Here’s a common scenario: You meet someone new, and one look is all it takes to light the fireworks. You can barely keep your hands off each other — and the excitement of it all feels like falling in love. But is it really? Or are sparks masquerade as something more?
It’s easy to mistake the explosive chemistry of physical attraction for long-term romantic potential. But if you’re willing to honestly assess your actions and feelings, it’s also not hard to recognize the truth.
Seven signs you're not as in love with someone as you think
1. Your attraction is more physical than emotional
What was the first thing about your partner to catch your attention? Was it their sense of humor or an act of kindness you observed? Or was it their fashion-magazine appearance and manner?

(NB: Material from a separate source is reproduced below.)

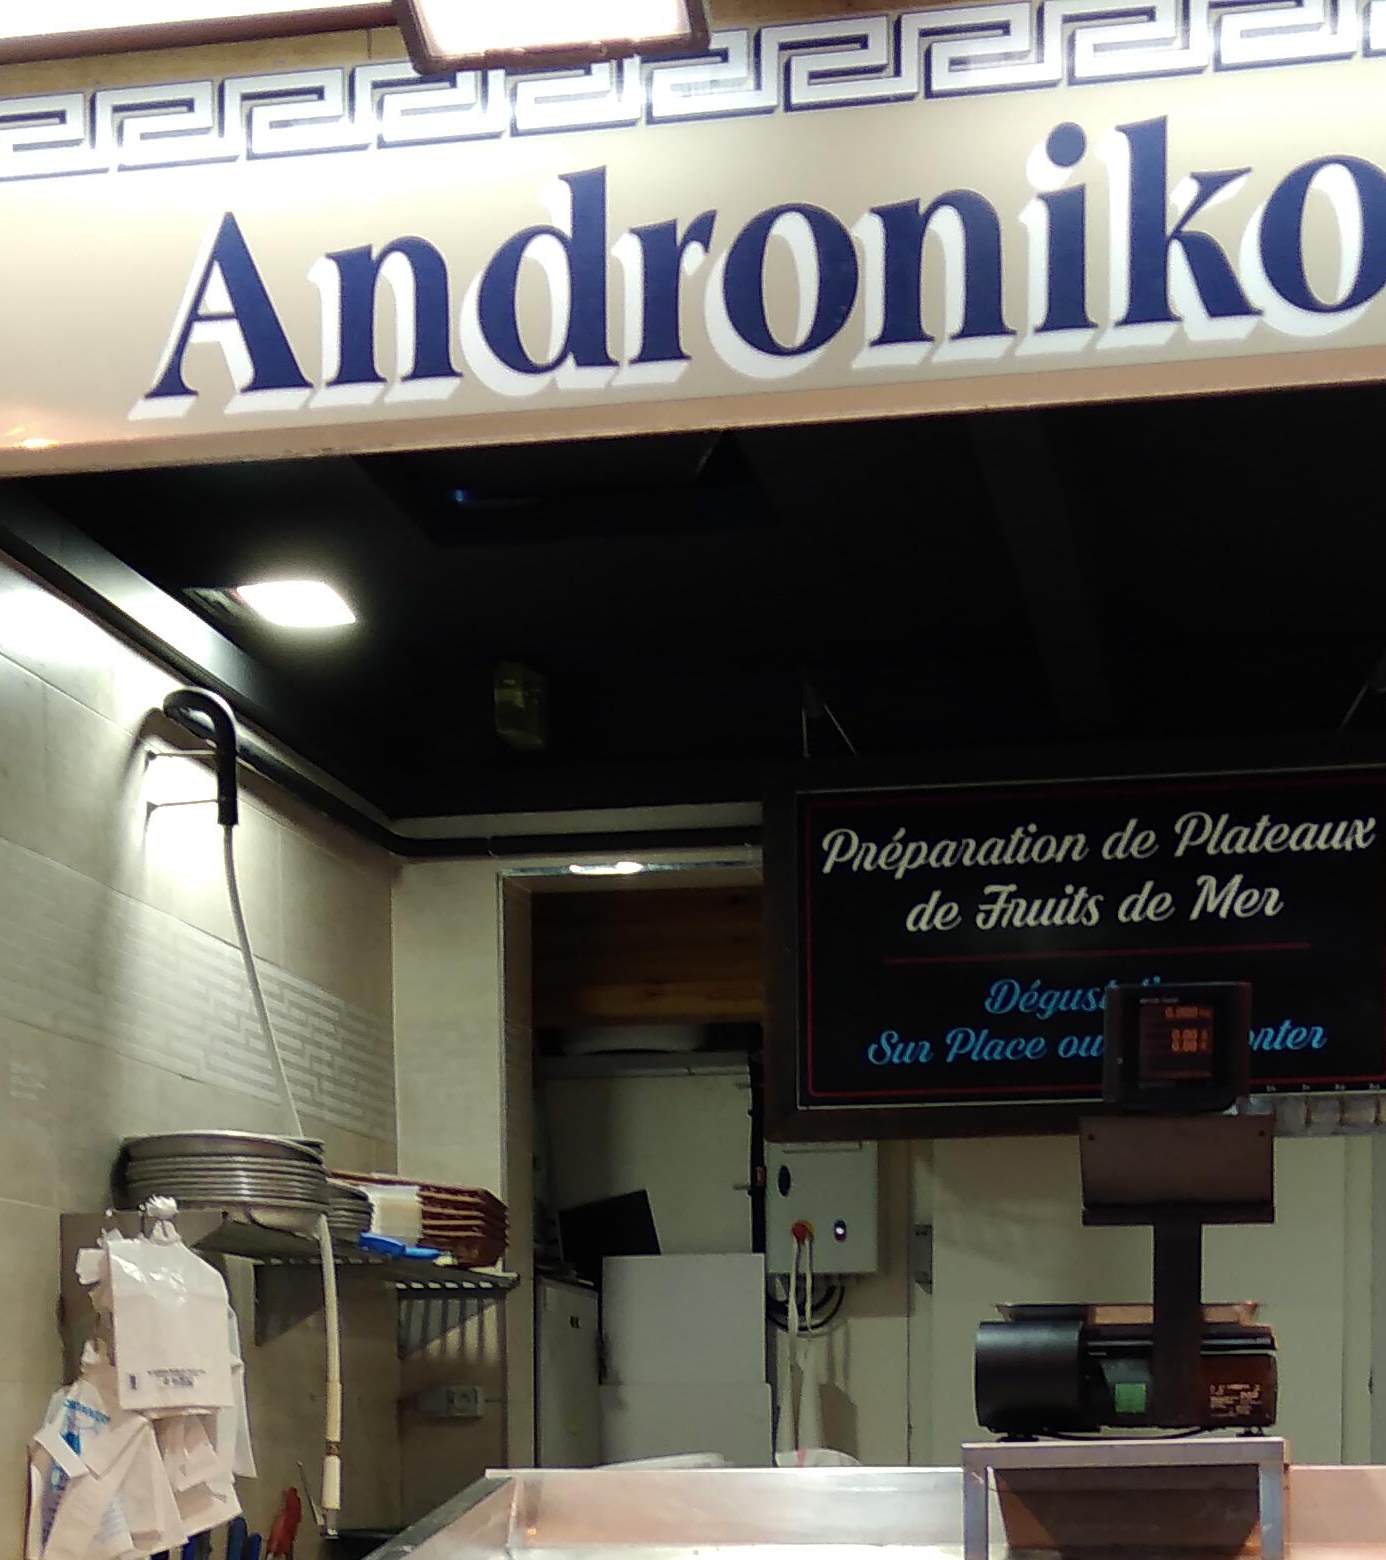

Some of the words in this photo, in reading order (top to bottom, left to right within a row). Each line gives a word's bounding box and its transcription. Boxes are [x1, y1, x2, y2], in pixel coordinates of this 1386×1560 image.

There’s nothing wrong with looking good, or with appreciating that trait in someone else. And there's nothing wrong with instant physical attraction! But if that’s not accompanied by a deeper reason for attraction, you may be headed for disappointment.
This is supported by research, as summarized in a report in the journal Frontiers in Psychology, falling in love at first sight can happen, it must eventually become something deeper. The author writes, "the positive initial impact can become replaced with familiarity and predictability of the partner, which can lead to a potentially long-term attraction."
So be compassionate with yourself if you are feeling a strong attraction based on sparks and don't judge yourself harshly — you may be on to something. But be equally aware that something deeper may never come.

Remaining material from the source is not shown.